How’s your leg, mother?

Author: Ivana Simikova/Julia and Marta Kotlarova
Location: Brno
Julia Kotlarova is my colleague at DROM, the Romani center in Brno.
"I was trained to be a hairdresser. After my training was over I worked for ten years in that profession. People liked me and I had regular clients: I gave them the love I feel for fellow creatures.
When I got married I moved with my son Michal to Slovakia. At first I worked as a hairdresser there too, but after the 1989 revolution any state-owned businesses were closed down: that included my beauty parlor. So I decided to open my own business. I got a loan from the local authorities, and paid it back in installments. It wasn’t easy to get customers at first, because I didn’t speak any Hungarian, which was the second language in that part of the country. But I did manage to learn, and started doing quite well.

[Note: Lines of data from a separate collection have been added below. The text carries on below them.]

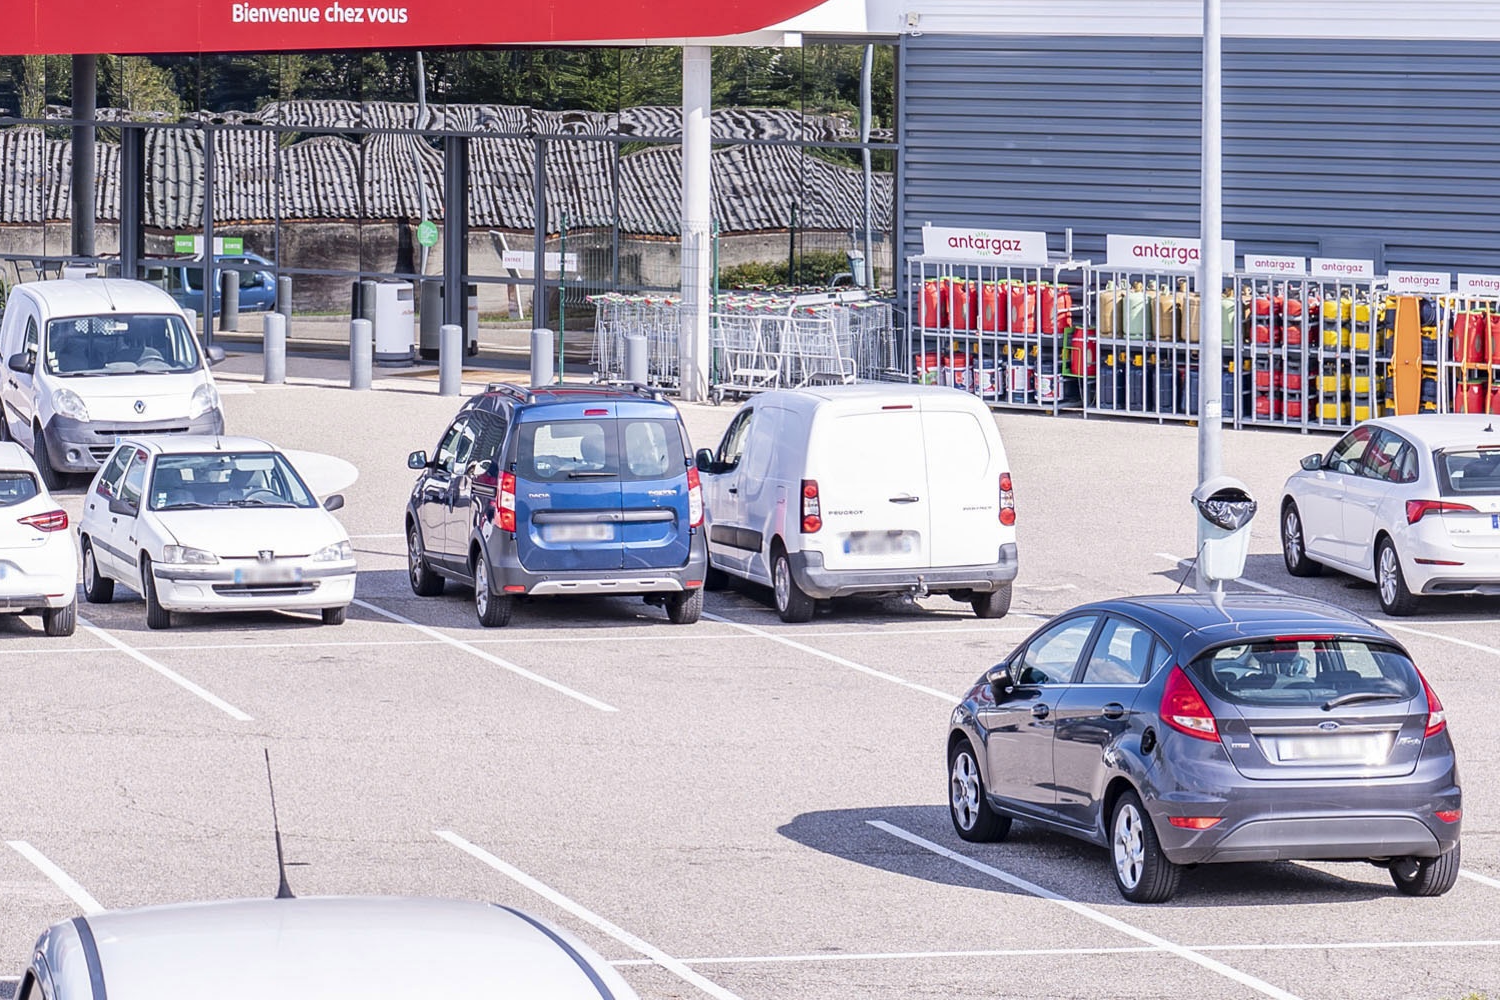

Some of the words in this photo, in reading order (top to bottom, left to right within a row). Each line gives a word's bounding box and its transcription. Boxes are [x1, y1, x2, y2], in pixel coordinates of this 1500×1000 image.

[232, 2, 320, 23] Bienvenue
[324, 2, 364, 23] chez
[367, 7, 408, 24] vous
[948, 235, 1022, 255] antargaz
[1132, 243, 1200, 265] antarga
[1254, 259, 1296, 271] antargaz
[1321, 262, 1363, 274] antargaz
[1398, 275, 1440, 287] antargaz
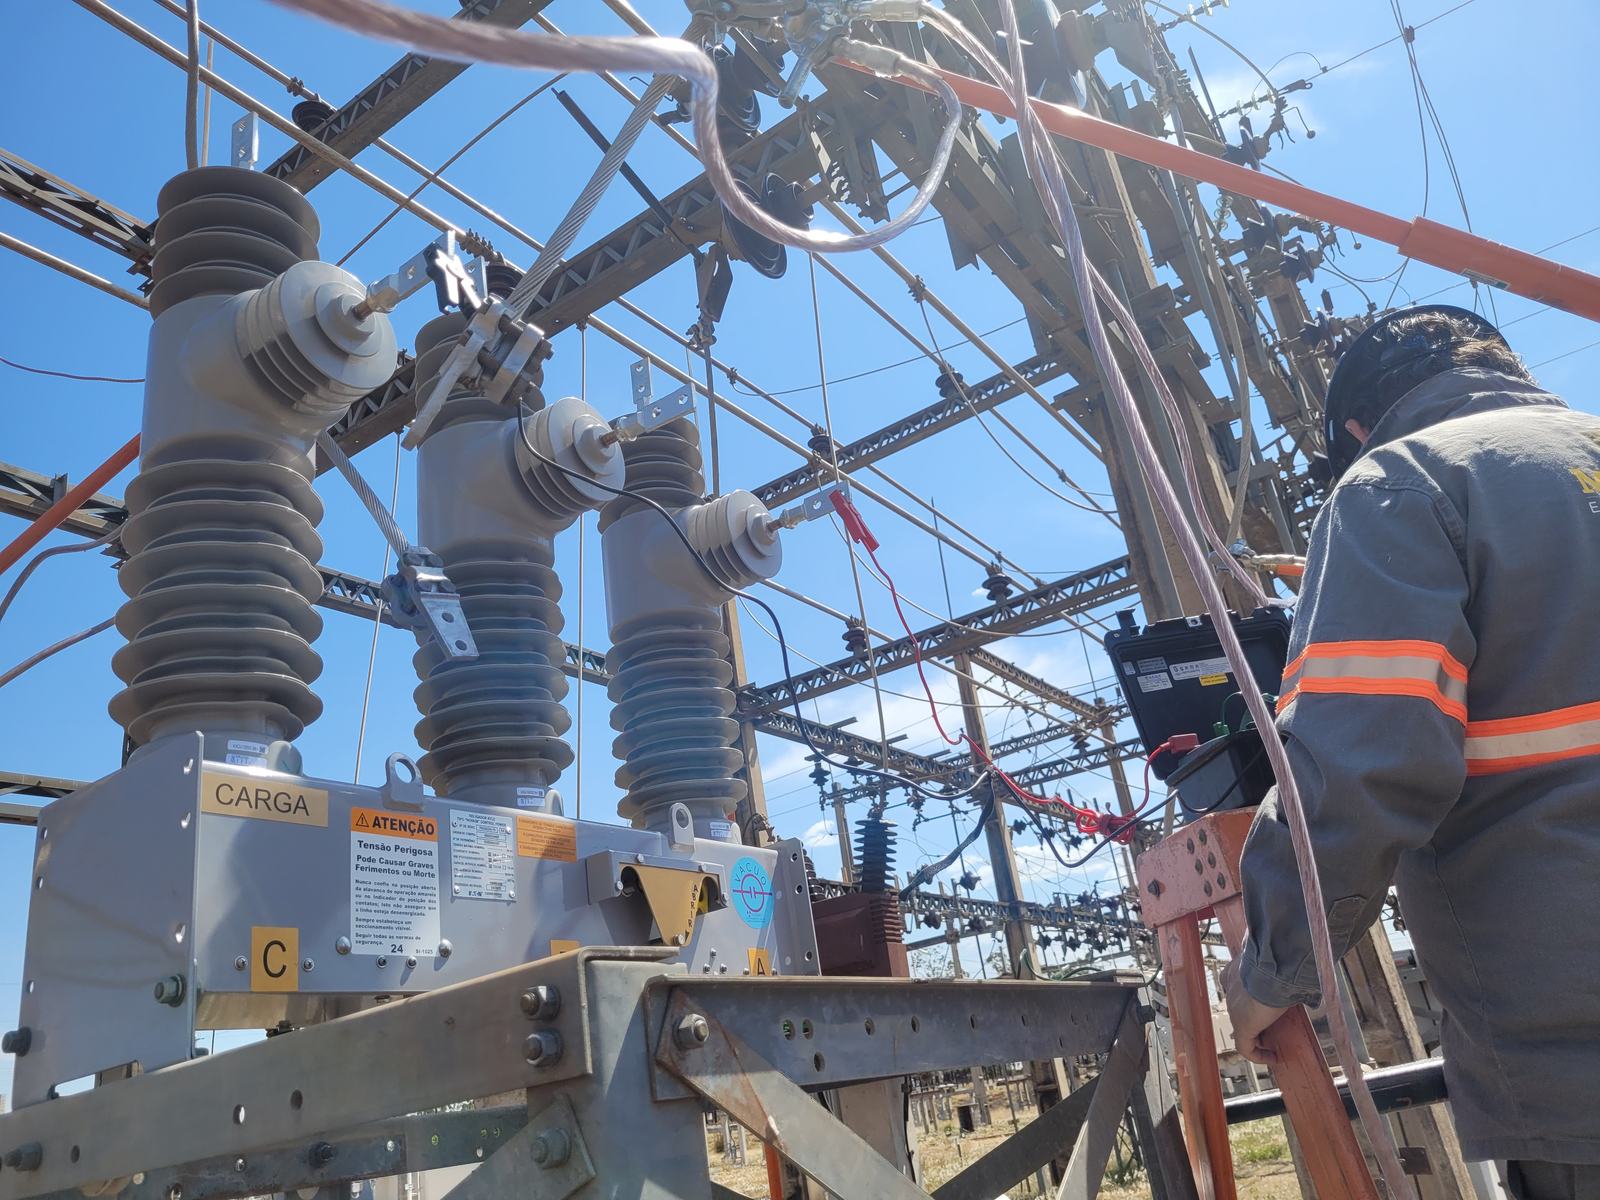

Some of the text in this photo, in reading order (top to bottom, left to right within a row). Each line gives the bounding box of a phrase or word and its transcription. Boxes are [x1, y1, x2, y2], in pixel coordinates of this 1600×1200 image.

[215, 783, 310, 817] CARGA
[372, 815, 435, 836] ATENÇÃO
[357, 840, 433, 857] Tensão Perigosa
[356, 854, 434, 870] Pode Causar Graves
[355, 863, 400, 875] Ferimentos
[413, 869, 436, 879] Morte
[399, 882, 419, 890] posição
[687, 884, 698, 928] ABRIR
[390, 943, 404, 954] 24
[263, 940, 287, 978] C
[757, 957, 766, 975] A

Gradually, though, there began to be tension between me and my partner. Her family didn’t like my being a Rom. So I decided to come back to Brno. A friend I had worked with owned a beauty parlor, and she gave me a job.”
Then something happened. I found out about this from Marta, Julia’s twin sister.

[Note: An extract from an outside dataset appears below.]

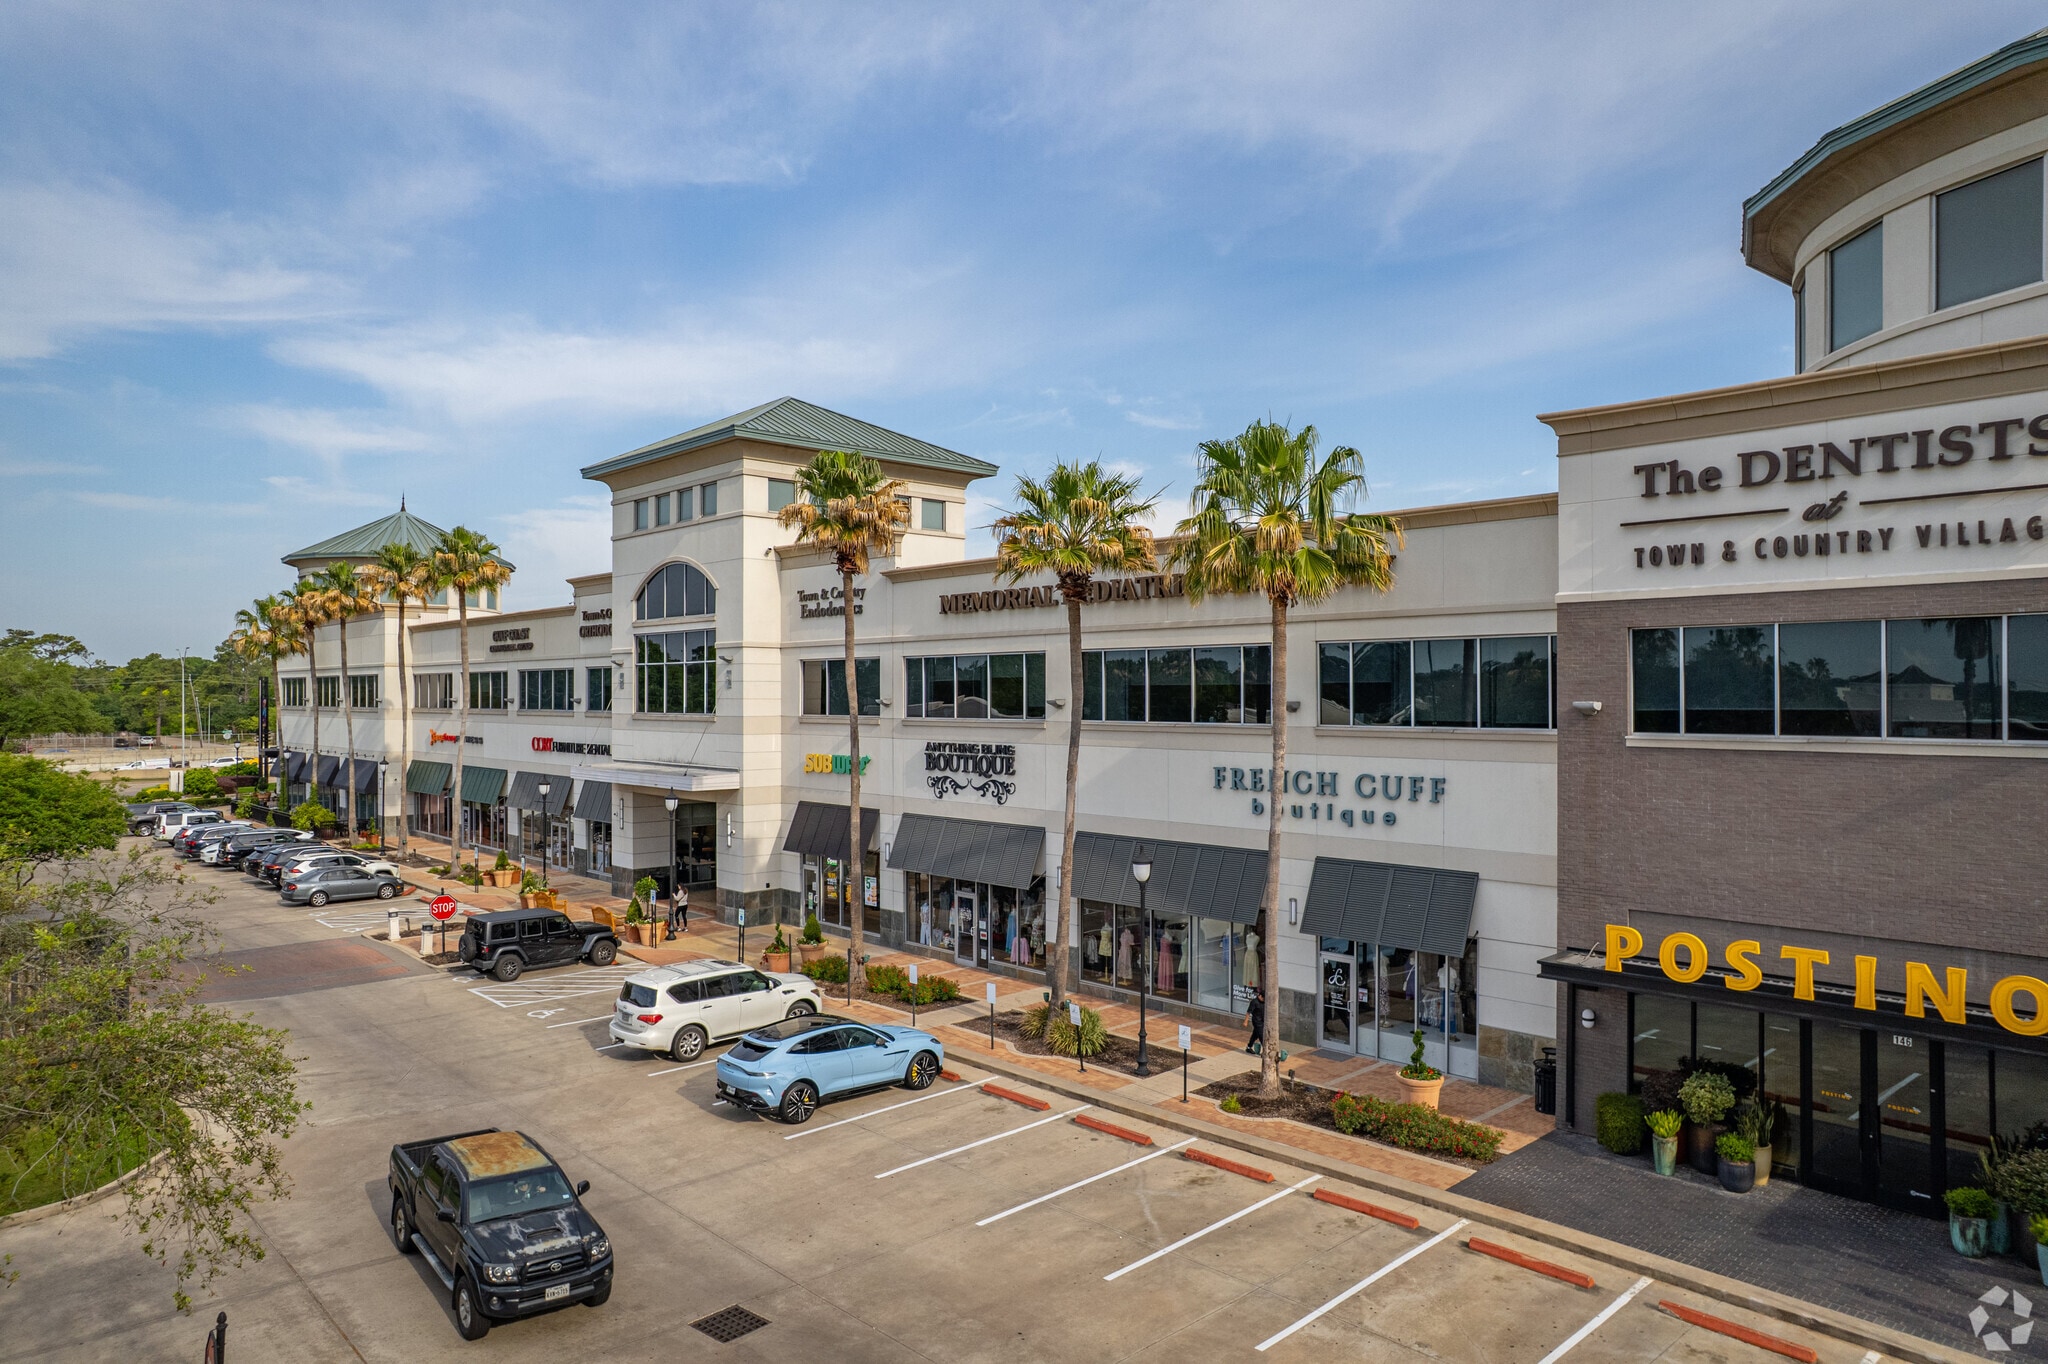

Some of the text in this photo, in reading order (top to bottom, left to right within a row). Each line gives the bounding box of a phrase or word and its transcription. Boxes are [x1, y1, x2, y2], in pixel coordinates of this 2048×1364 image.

Of course Marta is about forty too, but she looks much younger: she is slim and has a good figure. She is not married and has no children, but is helping raise Julia’s fifteen year-old son Michal.

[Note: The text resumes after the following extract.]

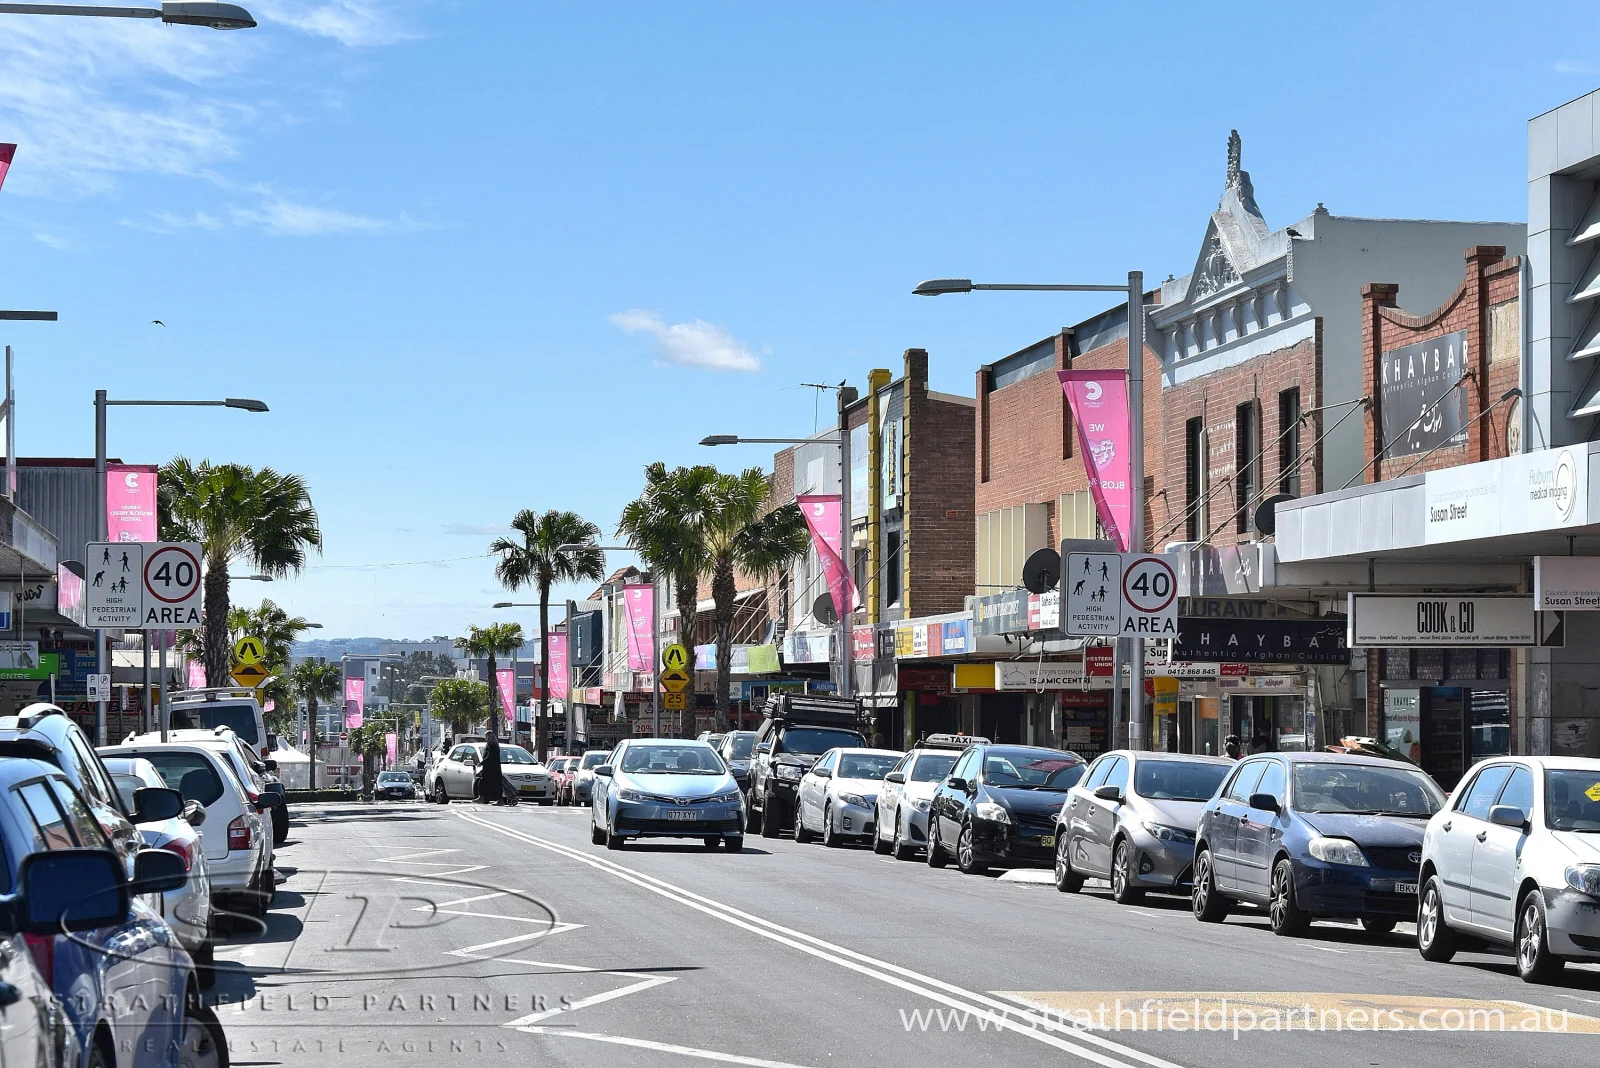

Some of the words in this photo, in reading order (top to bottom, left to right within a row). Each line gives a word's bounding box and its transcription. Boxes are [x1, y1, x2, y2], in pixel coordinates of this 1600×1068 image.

Marta and Julia were brought up in foster homes since they were five, and their family includes the two of them, Michal, and Jessy the dachsund. Their lives have been hard, and they rely almost exclusively on each other.
Marta helped Julia financially when Michal was little, but Julia is paying her back now that Marta is recovering from a serious injury which has also to some extent affected her state of mind. She is on crutches and has to stay at home, and she can’t fully take care of herself. Sometimes she gives in to despair. I was happy that it helped Marta to relax when I went to get her story.
The sisters live on the same street, not far from each other. So when I went to record Marta’s story, Julia went with me, first showing me her own flat. I was surprised by the difference between their flats: Marta’s is comfortably furnished, while Julia’s is smaller and poorer. I particularly liked the dachshund’s place: a big plastic foam mattress with a blanket, a little pillow, and two toys. You can see that they really love him – not only because of that, but also by the way they treat him and the way he responds to them.
“We had a difficult life with our family.” Marta said. “They were nomads, and we were treated cruelly by our parents and our stepsisters and stepbrothers. Both of us have scars on our bodies from knife wounds and cigarette burns. We were taken away from our family and placed in a foster home when we were five.
We were brought up as Czechs and still think and live that way. It was only during the past few years that we met any Roms, and we didn’t consider ourselves to be Romani.
But we’re religious and we met a priest who worked with Romani adults as well as children. One day when we in the car with him we heard Romani music on the stereo. We were very moved and suddenly felt that we were Roms.
So we decided to look up our family, especially our mother. The priest helped us find her.
When she opened the door, mother immediately recognized us and we recognized her.
Julia remembered that mother had had a sore leg since she was little and lifted up her skirt and asked ‘How is your leg, mother?’
We met her three more times, and mother explained to us why the family had treated us so badly. We were illegitimate, and they were Olash.
Mother died soon after that, but these few meetings helped Julia and me reconcile ourselves to our lives, settle our relationship with her – and accept that we are Roms.”
“Of course I told my friend and boss about finding our mother and about what she told us,” Julia said. “But that made her afraid of my Olash relatives, and she fired me.
I had trouble finding a new job. Mostly I was not hired because I was Rom. Nobody cared about my past experiences or about the fact that I was a skilled hairdresser. But I would take any job to feed litle Michal. I became a cleaning woman. I cleaned three large apartment buildings and a supermarket.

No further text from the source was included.